No sanction over children’s hospital overspend

No sanction over children’s hospital overspend

No children’s hospital officials will be sanctioned or removed due to the project’s runaway costs, despite warnings that the final cost could top €2bn.

A long-awaited independent report on the spending scandal has said that, despite a litany of financial control failures and surging prices, any Government action risks further damaging the project.

In a 128-page report, PricewaterhouseCoopers states that “red flags were missed” from the very start of the project and that firms “exploited” opportunities as they knew more about their contracts than officials negotiating with them.

The PwC report says the Government’s original €650m price ceiling and its €1.4bn December prediction will be dwarfed by a final figure which will hit a minimum of €1.73bn and is set to surge past €2bn due to Vat and other costs.

Taoiseach Leo Varadkar said the findings were “grim”.

The report says that removing National Paediatric Hospital Development Board officials would leave a “knowledge gap” in the project.

Health Minister Simon Harris will meet that board’s chairman, Fred Barry, today to hear his views.

Mr Harris said delaying or cancelling contracts would leave the State open to substantial extra payouts.

    According to the PwC report:

  • The children’s hospital will now cost at least €1.73bn, with any 10% construction Vat rise costing another €97m and further design costs likely to push the project’s price above €2bn;
  • The vast majority of costs were controllable, with officials in charge missing “red flags” from the outset and the “basis of the original budget” being “flawed”;
  • Firms involved understood contractual relationships better than officials, “allowing them to exploit opportunities”;
  • Once the cost overruns were realised, it was already “too late” to re-tender the project — finding a new building was now deemed an “unrealistic fall-back option”;
  • The quantity surveyor was using different figures to that of the wider project.

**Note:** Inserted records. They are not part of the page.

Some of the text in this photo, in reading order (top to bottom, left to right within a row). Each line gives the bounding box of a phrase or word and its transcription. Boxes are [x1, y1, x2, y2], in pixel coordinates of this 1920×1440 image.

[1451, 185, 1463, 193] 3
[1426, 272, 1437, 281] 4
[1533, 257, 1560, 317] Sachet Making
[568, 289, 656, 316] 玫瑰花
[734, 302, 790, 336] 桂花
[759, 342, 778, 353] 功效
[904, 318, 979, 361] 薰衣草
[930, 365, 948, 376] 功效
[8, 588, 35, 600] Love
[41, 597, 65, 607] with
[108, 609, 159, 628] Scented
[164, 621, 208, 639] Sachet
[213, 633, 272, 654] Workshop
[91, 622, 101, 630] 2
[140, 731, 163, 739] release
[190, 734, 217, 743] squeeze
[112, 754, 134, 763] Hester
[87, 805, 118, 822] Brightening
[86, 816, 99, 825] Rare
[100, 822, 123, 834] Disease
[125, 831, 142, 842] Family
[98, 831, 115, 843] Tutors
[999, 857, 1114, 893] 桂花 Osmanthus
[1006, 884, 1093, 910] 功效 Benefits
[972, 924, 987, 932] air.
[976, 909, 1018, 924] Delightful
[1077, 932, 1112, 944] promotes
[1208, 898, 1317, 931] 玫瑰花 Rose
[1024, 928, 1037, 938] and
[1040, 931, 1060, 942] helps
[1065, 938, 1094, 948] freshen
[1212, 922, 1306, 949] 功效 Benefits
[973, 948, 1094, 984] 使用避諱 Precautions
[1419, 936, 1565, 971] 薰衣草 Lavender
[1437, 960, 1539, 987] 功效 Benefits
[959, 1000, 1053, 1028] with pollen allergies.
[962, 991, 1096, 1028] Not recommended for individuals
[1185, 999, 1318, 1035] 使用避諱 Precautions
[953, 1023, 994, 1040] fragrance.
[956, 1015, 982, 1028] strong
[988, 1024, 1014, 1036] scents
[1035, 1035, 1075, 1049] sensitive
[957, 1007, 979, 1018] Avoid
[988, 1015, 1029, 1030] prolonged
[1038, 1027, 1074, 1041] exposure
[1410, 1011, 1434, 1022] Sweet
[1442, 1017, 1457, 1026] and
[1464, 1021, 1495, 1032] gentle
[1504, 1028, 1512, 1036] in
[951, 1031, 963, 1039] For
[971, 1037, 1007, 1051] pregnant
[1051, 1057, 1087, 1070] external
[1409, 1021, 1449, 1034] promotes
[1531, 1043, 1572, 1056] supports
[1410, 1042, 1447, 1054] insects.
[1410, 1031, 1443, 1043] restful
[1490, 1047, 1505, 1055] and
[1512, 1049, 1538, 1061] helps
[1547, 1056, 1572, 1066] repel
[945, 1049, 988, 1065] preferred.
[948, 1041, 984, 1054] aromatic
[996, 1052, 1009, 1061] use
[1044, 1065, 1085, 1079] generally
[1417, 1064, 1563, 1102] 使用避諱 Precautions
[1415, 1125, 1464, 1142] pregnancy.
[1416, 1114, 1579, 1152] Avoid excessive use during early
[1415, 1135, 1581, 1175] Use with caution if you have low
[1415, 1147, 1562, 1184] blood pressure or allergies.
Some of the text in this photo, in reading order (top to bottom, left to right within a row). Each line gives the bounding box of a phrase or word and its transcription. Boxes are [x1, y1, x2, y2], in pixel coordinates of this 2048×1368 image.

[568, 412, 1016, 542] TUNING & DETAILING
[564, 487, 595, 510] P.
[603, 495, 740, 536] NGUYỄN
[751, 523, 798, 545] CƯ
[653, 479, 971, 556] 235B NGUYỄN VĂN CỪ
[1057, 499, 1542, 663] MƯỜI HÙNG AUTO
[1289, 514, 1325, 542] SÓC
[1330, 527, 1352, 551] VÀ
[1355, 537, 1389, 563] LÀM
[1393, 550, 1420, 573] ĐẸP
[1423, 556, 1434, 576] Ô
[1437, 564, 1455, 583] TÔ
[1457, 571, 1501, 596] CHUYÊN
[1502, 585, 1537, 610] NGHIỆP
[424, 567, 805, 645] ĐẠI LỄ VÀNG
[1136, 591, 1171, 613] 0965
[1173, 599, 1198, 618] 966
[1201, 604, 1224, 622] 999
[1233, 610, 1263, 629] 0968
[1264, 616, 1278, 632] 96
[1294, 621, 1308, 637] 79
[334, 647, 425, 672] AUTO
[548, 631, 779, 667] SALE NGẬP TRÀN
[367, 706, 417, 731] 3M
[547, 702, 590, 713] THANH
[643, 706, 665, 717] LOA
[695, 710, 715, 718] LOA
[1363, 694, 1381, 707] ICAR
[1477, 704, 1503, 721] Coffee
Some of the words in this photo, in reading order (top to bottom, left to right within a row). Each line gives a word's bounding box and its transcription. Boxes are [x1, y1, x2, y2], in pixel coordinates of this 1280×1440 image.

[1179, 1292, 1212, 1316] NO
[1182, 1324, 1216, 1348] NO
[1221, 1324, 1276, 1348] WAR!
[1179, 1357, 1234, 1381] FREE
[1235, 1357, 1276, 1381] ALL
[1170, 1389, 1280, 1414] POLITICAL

The report states that despite a desire and public commitments to reduce costs, the reality is that “the ability for cost reductions in these committed areas is very limited due to the restrictions in the respective contracts”.

Mr Harris said he and Finance Minister Paschal Donohoe will respond to the report within a month.

Mr Harris suggested on RTÉ News last night that he would like firms’ project histories to be considered in the future.

However, sources said Mr Harris is unlikely to press for company action as it is a matter for the National Paediatric Hospital Development Board.

The report was published on the same day as Mr Harris faced further problems as the number of patients on hospital trolleys hit its highest point since the start of the year.